New York City demonstrated how cities could invest their own, local dollars in housing programs and how cities could creatively collaborate with public, private, and nonprofit partners to create more housing options for city residents. Most important, however, was that the city was also showing how housing investments were neighborhood investments, an essential (and often overlooked) lesson for the field.
Since the 1930s, housing and community development policy has sought to improve housing quality, increase access to affordable housing, decrease segregation, create jobs, and grow cities’ tax bases. Rarely, though, have programs explicitly targeted neighborhood (as opposed to housing) conditions.
One big outlier to this is the Department of Housing and Urban Development’s HOPE VI program, designed to improve severely distressed public housing projects by transforming socially and economically isolated, crime-ridden sites into mixed-use, mixed-income communities, well linked to their surroundings. The current Choice Neighborhoods Initiative follows a similar model.
These initiatives, though, focus solely on the most distressed neighborhoods and, typically, on only public housing units. And this language — linking housing investments with neighborhood conditions, using housing investments to increase neighborhood demand — has failed to pervade other housing subsidy programs or the community development field more broadly.
As a result, subsidized housing units are produced with little concern for the areas surrounding them. Builders, though well meaning, fail to grapple with some essential questions before breaking ground: Will the new units increase or decrease concentrations of poverty? Will they increase or decrease demand for the housing next door? Will they encourage or discourage neighboring owners investing in their own properties?
If not explicitly designed to increase others’ confidence in the neighborhood and willingness to invest there, subsidized units run the risk of failing to attract sufficient private dollars to remain in good condition in the long run, attract households with choice as residents and as neighbors, or trigger broader neighborhood upgrading. In other words, they run the risk of becoming housing of last resort in neighborhoods of last resort.

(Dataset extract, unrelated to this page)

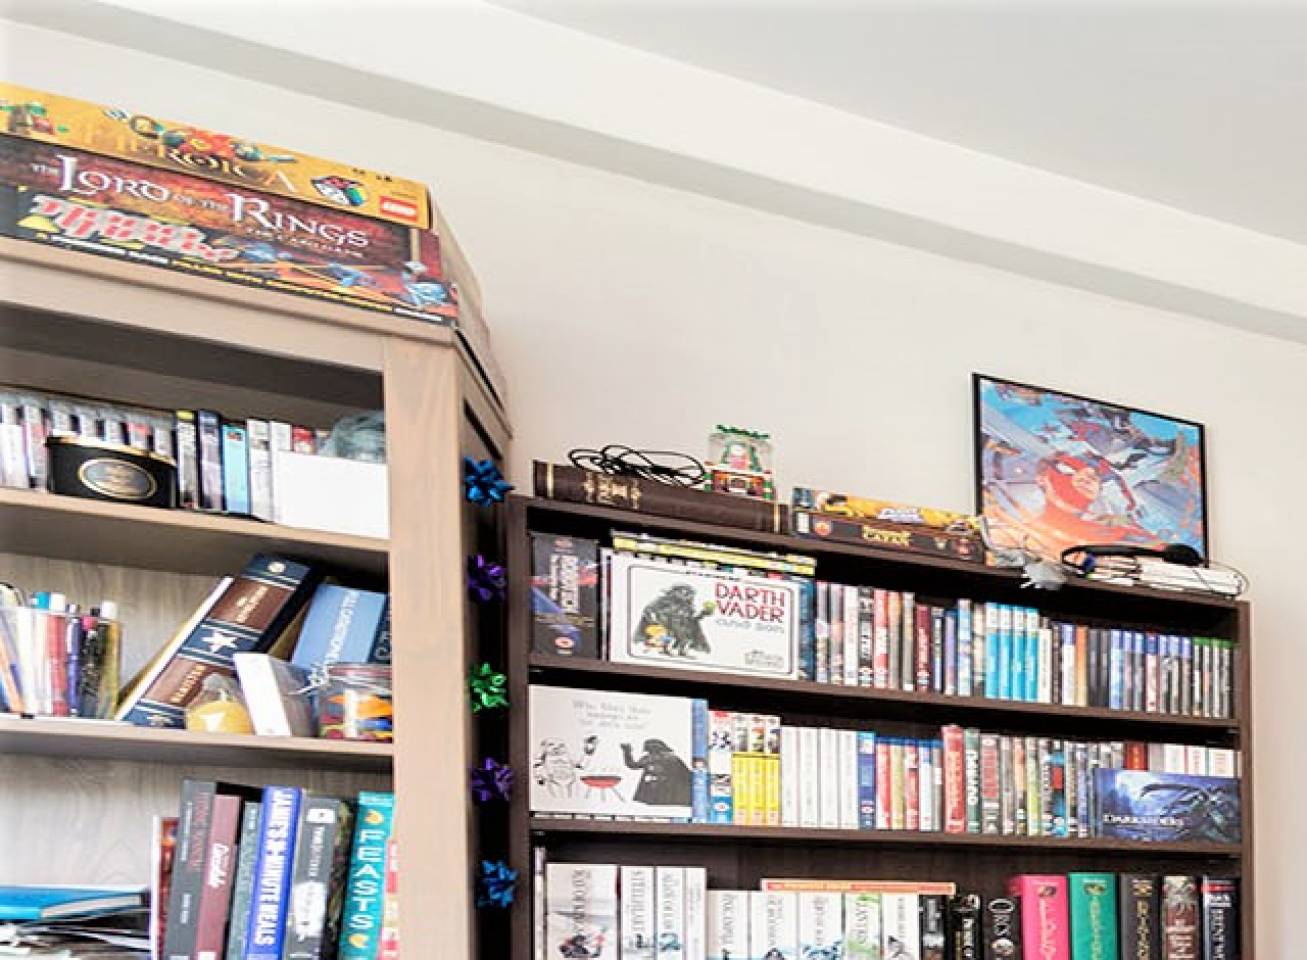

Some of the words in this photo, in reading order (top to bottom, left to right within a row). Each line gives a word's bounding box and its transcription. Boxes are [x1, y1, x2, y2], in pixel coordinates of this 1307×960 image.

It is time to expand the intent of and lessons learned from New York City’s housing initiatives and HUD’s strategies for reinventing failing public housing projects and initiate as dramatic a shift in thinking in the community development field as is already underway in the planning field. Just as planners, long used to accommodating growth, are now thinking through the challenges associated with accommodating decline, community developers must reorient themselves from a narrow focus on creating housing units to the broader challenge of using housing-based investments to prompt broader neighborhood-wide improvements.